Les diamantsEst-ce que vous aimez les trésors ? Les diamants parfaitement taillés ? Les structures limpides à la beauté infinie ? C’est vrai ? Alors joignez-vous à moi pendant 10 minutes pour découvrir la quête des trésors qui se cachent dans vos données : les graphes ! 

Je vous préviens tout de suite, vous allez prendre part à un voyage mystérieux au cœur de la philosophie des données. Mais vous découvrirez des artefacts que vous pourrez utiliser pour débuter votre recherche de pierres précieuses dès aujourd’hui. Et croyez-le ou non, si vous possédez la dernière version du Machine Learning Toolkit de Splunk, les joyaux sont pratiquement à portée de main, alors commençons sans plus attendre !

Crédit photo : Commonwikimedia.org

De l’autre côté du miroir

Si vous n’avez jamais entendu parler de graphes, imaginez un réseau d’éléments connectés. Au cours des dernières décennies, de nombreuses publications sont apparues, de la théorie des graphes aux sciences des réseaux (sociaux) appliquées en passant par la dynamique des systèmes complexes. Cependant, peu de personnes ont conscience de la puissance des graphes, malgré le fait que la plupart d’entre nous profitent de leurs applications dans le monde réel au quotidien, par exemple : 

  • votre système de navigation qui vous permet d’arriver à l’heure à votre rendez-vous ;
  • votre boutique en ligne préférée qui vous recommande des produits qui vous intéressent ;
  • votre fournisseur de carte de crédit qui vous protège contre la fraude ;
  • et enfin, vous lisez probablement cet article sur un appareil connecté à une structure de graphe gigantesque appelée Internet.

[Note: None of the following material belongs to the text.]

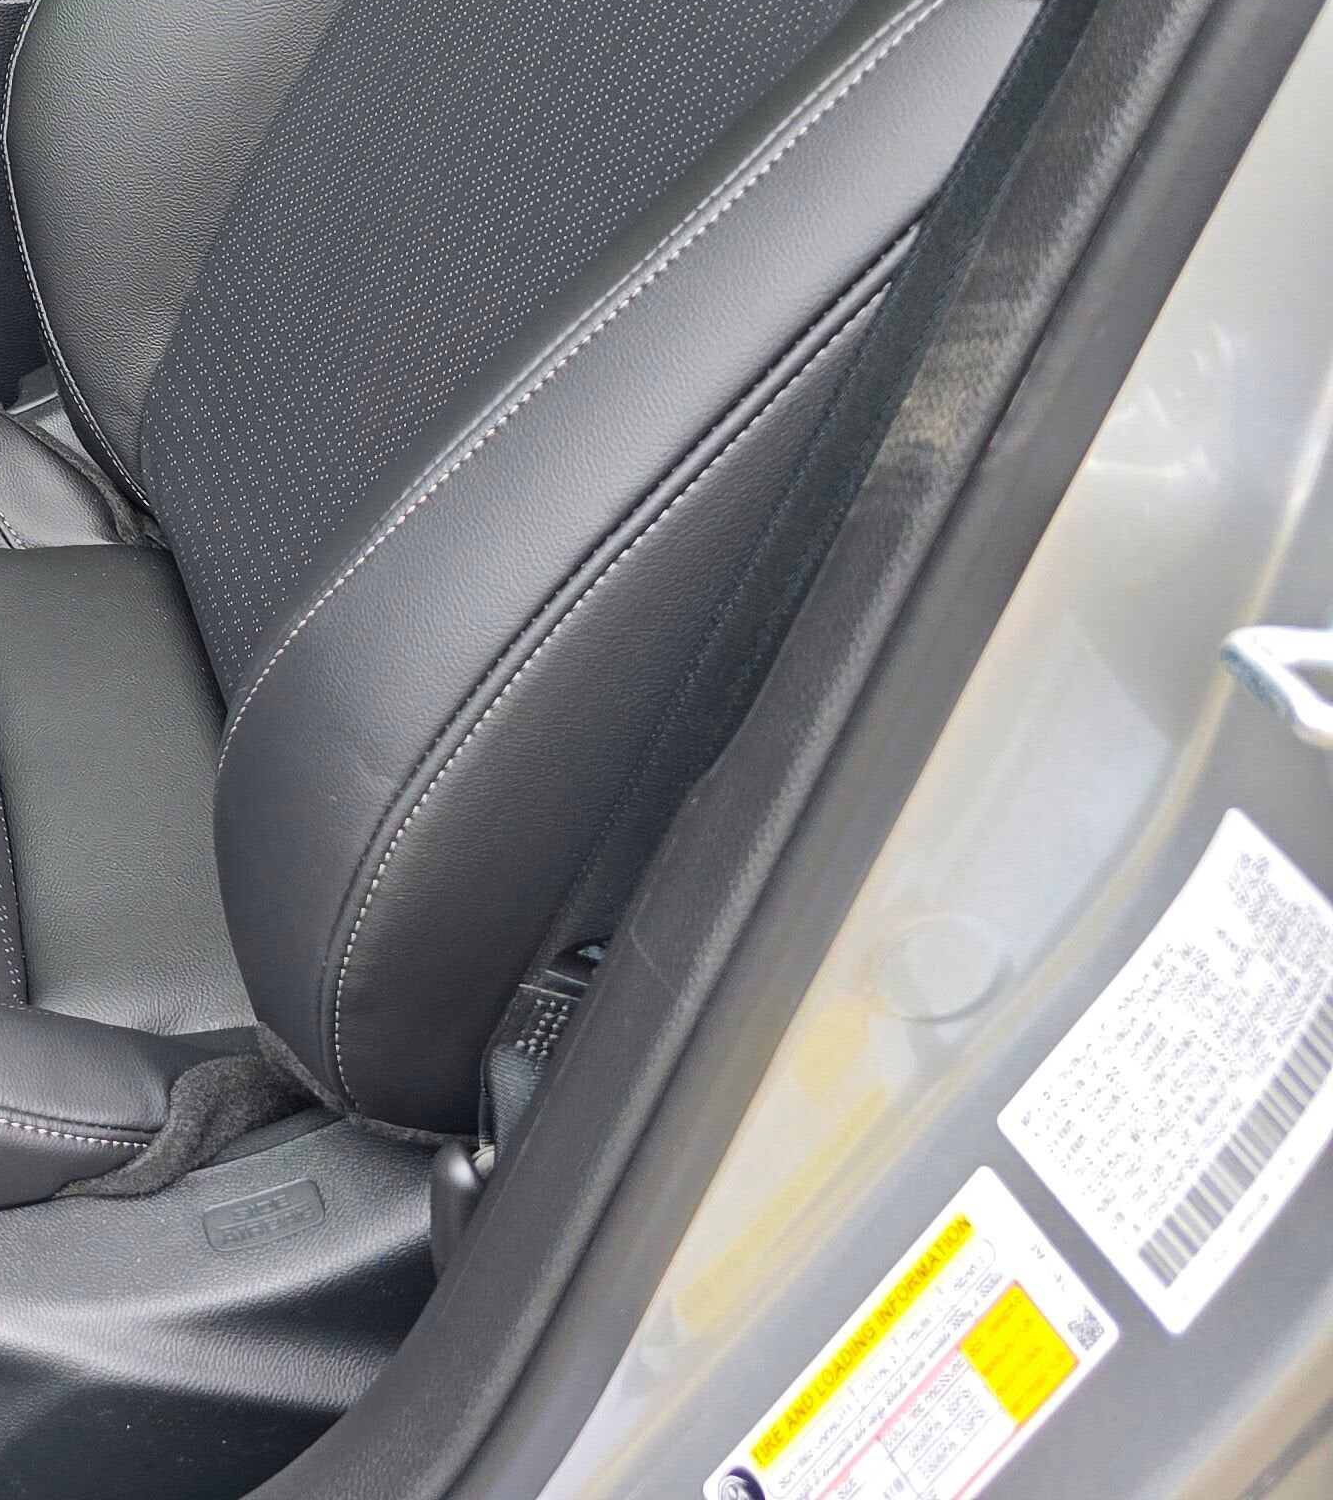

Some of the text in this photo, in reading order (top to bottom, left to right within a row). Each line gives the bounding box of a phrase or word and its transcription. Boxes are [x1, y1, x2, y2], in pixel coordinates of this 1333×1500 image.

Pour faire court, les graphes peuvent s’avérer très précieux, au même titre que les joyaux. Où pouvez-vous donc les trouver ? Et qu’est-ce que tout cela a à voir avec Splunk ? 

Un exercice d’extraction du charbon

Presque toutes les données dans Splunk sont visibles sous forme de graphes, et c’est peut-être une fonctionnalité qui vous avait échappée auparavant. Dans vos données de trafic réseau, une IP source se connecte à une IP de destination avec des attributs tels que les octets entrants/sortants, les paquets, les ports et d’autres propriétés. Les utilisateurs se connectent à une pile de systèmes, services, appareils et applications interconnectés. Les transactions vont du point A, au point B, au point C et peuvent suivre un processus qui vous aide à analyser les parcours des utilisateurs et les processus métier de manière plus générale. 

Curieusement, vous pouvez facilement extraire beaucoup de ces relations à partir de vos données brutes à l’aide d’un modèle SPL de base :

... | stats count by source destination

Analyse de graphes avec MLTK

Et voilà, comme vous pouvez le constater ci-dessus, vous venez d’extraire votre premier graphe à partir de vos données brutes dans Splunk. Avec un peu de SPL, vous avez récupéré une représentation sous forme de liste de bords qui peut être élégamment visualisée directement dans Splunk. Merci à Erica qui a créé ce superbe utilitaire personnalisé de visualisation de graphe 3D téléchargeable gratuitement sur splunkbase !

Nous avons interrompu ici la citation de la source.